400 Tasting Notes
Last night I made a variation of this recipe for Turkish Apple Tea after dinner. It made a nice caffeine free option for every one and brought back memories of my brief time in Turkey for me :-)
1 Medium sized orange
@ 4-5 apples
A couple of cinnamon sticks and @ 5 cloves.
You quarter the fruit and toss all of it and the spices in a mid sized pot and then top it with water simmer the fruit for at least 10min, sweeten to taste and then save the liquid and squueze out the liquid from the fruit and you’re left with a nice, slightly ciderish tea with a citrus tinge. Everyone liked it so I guess it was a success:-).
This is quite a lovely tea to start my morning with. Its scent and taste are remarkably consistent, it’s quite smooth and well balanced and is rich enough to take milk. The leaves are dark and wiry and even though its a broken leaf tea, they are still a good size.
The brewed tea is a nice mahogany colour after being steeped for 3.5 min in 225ml of water using about 1 TSP of leaves.
At first sip the top notes are of sweet potato, lemon-orange, cherry a hint of cocoa, lemon, and a deeper spice note. Underneath this is the deeper tones of malt and a sugar cane note.
As it cools malt moves forward a little bit and blends with the sweet potato, honey, spice notes and cherry dominates the fruit notes. It is slightly tannic but not overly so. Overall the flavour and texture is a rich fruity/malty/smooth tea. It makes a nice and comforting tea for winter and a nice addition to my collection of Ceylons.
This tea was another gift to me from Capital Tea Ltd! Now, having just tried it, I wish I had sampled it before placing my most recent order because I really enjoyed it.
This tea has long wide and very loosely twisted hand rolled leaves that range from greenish gold furry buds to chocolate and reddish brown. The dry leaf smells of honey, cocoa and malt.
I brewed roughly one teaspoon in 225 ml of 95°C water for 3 minutes. The resulting tea was a medium amber tone.

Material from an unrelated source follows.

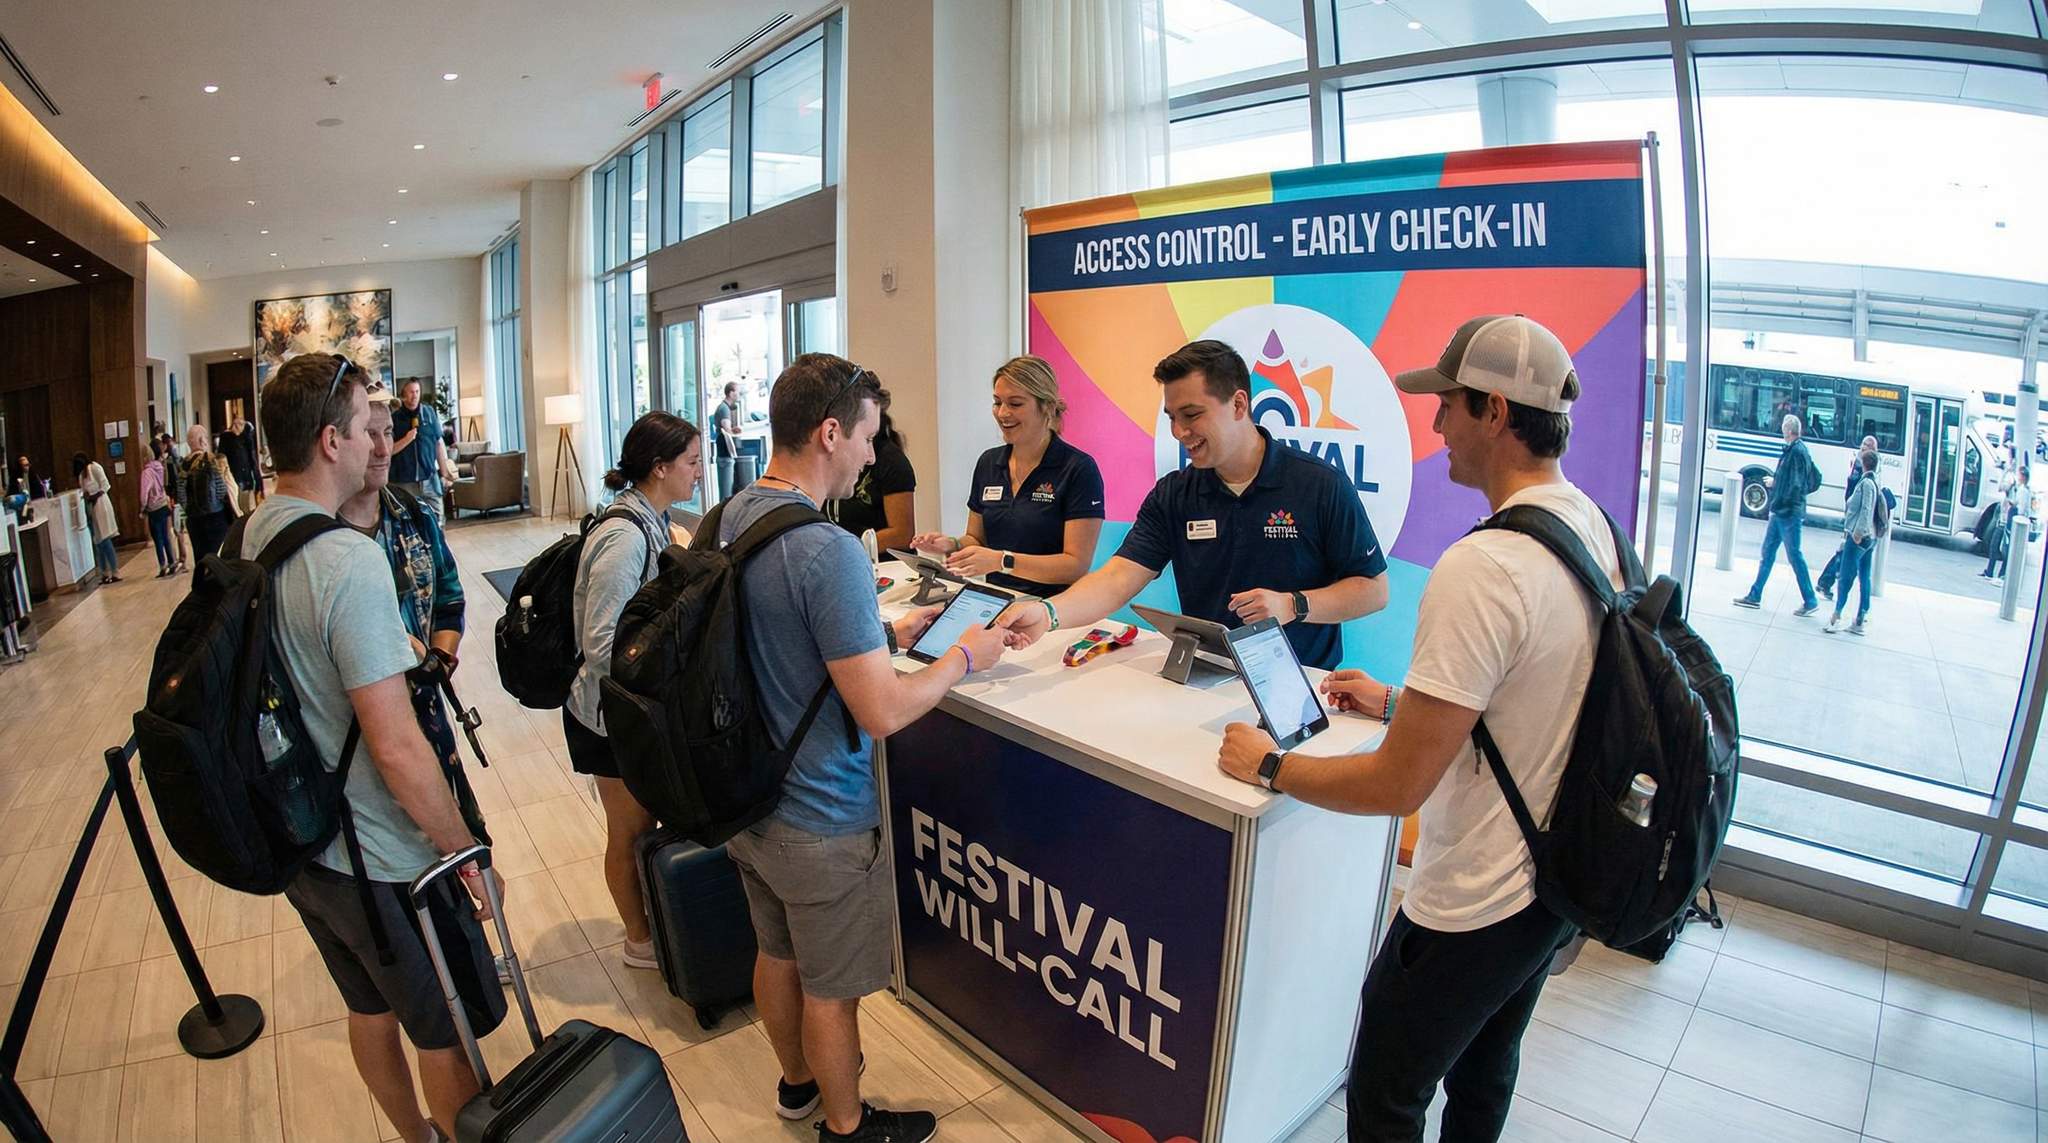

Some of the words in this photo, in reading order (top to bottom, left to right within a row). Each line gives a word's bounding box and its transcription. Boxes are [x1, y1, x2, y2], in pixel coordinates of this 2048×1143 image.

The brewed tea smells of citrus notes above deeper warmer spice notes, floral notes and hints of nuts. The impression is warm and spicy overall.
The tea tastes smooth on the tongue. My first impressions are of a bright green note dissolved in dark honey with a touch of molasses, quickly dissipating into a hint of cocoa, dried, fruit compote, hints of almond, sandalwood and a touch of amber. There are upper notes of citrus and muscatel notes. It kind of reminds me of the bright light citrusy notes of a pinot grigio. This tea had a good balance between the warm and enveloping and the bright natures of the flavours. The tea manages to be both rich and sweet and light at the same time.
The second steep (3.5min) is just as sweet with stronger spicy floral notes present among the notes listed above and a very distinct muscatel scent and a slightly deeper body. This steep left a freshening feeling at the front and top of the mouth.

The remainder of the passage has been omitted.